Auf der Zielgeraden

Brüssel · Der Machtkampf um den Posten des EU-Kommissionspräsidenten ist im vollen Gange. Dabei geht es nicht nur um die Frage: Juncker, Ja oder Nein? Sondern darum: Wer setzt sich durch: das Parlament oder die Staatenlenker?

Nur zwei Tage nach den Europawahlen ist der Kampf um die Top-Jobs in der EU gestern voll entbrannt. Wenige Stunden bevor die Staats- und Regierungschefs am Abend zu einem Gipfeltreffen nach Brüssel kamen, stellten sich die Fraktionsvorsitzenden im Europäischen Parlament hinter den Wahlsieger vom Sonntag, Jean-Claude Juncker. Man habe ihm ein "klares Mandat" erteilt, mit allen politischen Gruppen zu verhandeln, sagte der Chef der Sozialdemokraten, Hannes Swoboda. Juncker braucht mindestens 376 der 751 Stimmen, um von den Volksvertretern zum neuen Kommissionspräsidenten gekürt zu werden.

Wenige Stunden vor dem Sondergipfel der 28 Staats- und Regierungschefs kommt der Beschluss jedoch einer Kampfansage gleich. Denn der Lissabonner Vertrag sieht vor, dass der Nachfolger von José Manuel Barroso ab 1. November "im Lichte des Wahlergebnisses" von den Chefs vorgeschlagen werden muss. Im Parlament befürchtet man allerdings, dass die Ministerpräsidenten sich über diese Klausel hinwegsetzen, weil in diesem Kreis weder Schulz noch Juncker auf uneingeschränkte Unterstützung stoßen. Gerade der britische Premier David Cameron und der ungarische Regierungschef Viktor Orbán gelten als erbitterte Gegner des früheren Euro-Gruppen-Chefs Juncker. Beide könnten zwar überstimmt werden, da zur Nominierung eines neuen Kommissionspräsidenten lediglich eine qualifizierte Mehrheit notwendig ist. Vor allem Kanzlerin Angela Merkel wird aber nachgesagt, keine Entscheidung zulassen zu wollen, die London brüskieren würde. Sie sprach sich gestern in Brüssel für eine breite Mehrheit im Kreis der Staatenlenker aus.

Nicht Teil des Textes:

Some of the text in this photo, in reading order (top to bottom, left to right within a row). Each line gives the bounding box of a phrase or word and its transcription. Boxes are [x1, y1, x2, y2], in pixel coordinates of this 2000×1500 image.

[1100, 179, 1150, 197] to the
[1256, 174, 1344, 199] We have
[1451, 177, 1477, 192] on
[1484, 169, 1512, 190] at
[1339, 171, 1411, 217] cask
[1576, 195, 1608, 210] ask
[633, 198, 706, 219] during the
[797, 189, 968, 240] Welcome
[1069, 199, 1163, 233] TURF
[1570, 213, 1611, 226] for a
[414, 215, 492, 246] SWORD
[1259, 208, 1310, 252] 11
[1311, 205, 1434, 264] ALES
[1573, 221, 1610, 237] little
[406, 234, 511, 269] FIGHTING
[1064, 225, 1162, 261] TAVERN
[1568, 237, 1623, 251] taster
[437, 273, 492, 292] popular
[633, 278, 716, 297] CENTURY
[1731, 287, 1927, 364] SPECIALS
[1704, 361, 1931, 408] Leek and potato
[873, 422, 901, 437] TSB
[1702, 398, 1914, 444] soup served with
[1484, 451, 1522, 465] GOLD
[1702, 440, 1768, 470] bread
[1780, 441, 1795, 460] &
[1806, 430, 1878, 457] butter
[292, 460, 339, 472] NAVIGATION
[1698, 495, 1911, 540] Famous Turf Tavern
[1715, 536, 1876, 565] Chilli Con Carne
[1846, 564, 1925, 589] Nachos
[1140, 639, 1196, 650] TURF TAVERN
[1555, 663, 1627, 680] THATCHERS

Die könnte allerdings schwierig werden. Juncker gilt in den Reihen der ehemaligen Kolleginnen und Kollegen im Regierungsamt - der frühere luxemburgische Premier hatte den EU-Gipfeln selbst 18 Jahre lang angehört - als Vertreter einer harten Sparlinie. Genau die wollen aber Cameron und Frankreichs Staatspräsident François Hollande auf den Prüfstand stellen. "Wir brauchen keinen Sparzwang, sondern Wachstum", hatte Hollande am Montagabend in einer Fernsehansprache gesagt, nachdem seine Sozialisten tags zuvor weit abgeschlagen hinter dem rechtsnationalen Front National gelandet waren. Cameron unterstützt ihn in diesem Punkt und will die beschlossenen Auflagen zur strikten Haushaltssanierung lockern - bis sich die Wirtschaft erholt habe.

Beim Treffen am Abend wurden zwar noch keine Beschlüsse erwartet, auch die Personalie Juncker wolle man frühestens beim Gipfel Ende Juni beschließen, teilten Diplomaten vor Beginn mit. Allerdings soll intern die Ausrichtung der Gemeinschaft sehr wohl besprochen werden. Ratspräsident Herman Van Rompuy habe entsprechende Überlegungen in einem Thesenpapier zusammengefasst, das er den Staats- und Regierungschefs vorlegen werde. "Wenn man sich über die künftigen Grundlinien der EU-Politik verständigt hat, dann wird man sich fragen, wer diese am besten als Chef der Europäischen Kommission umsetzen dürfte", sagte ein hoher EU-Diplomat gestern.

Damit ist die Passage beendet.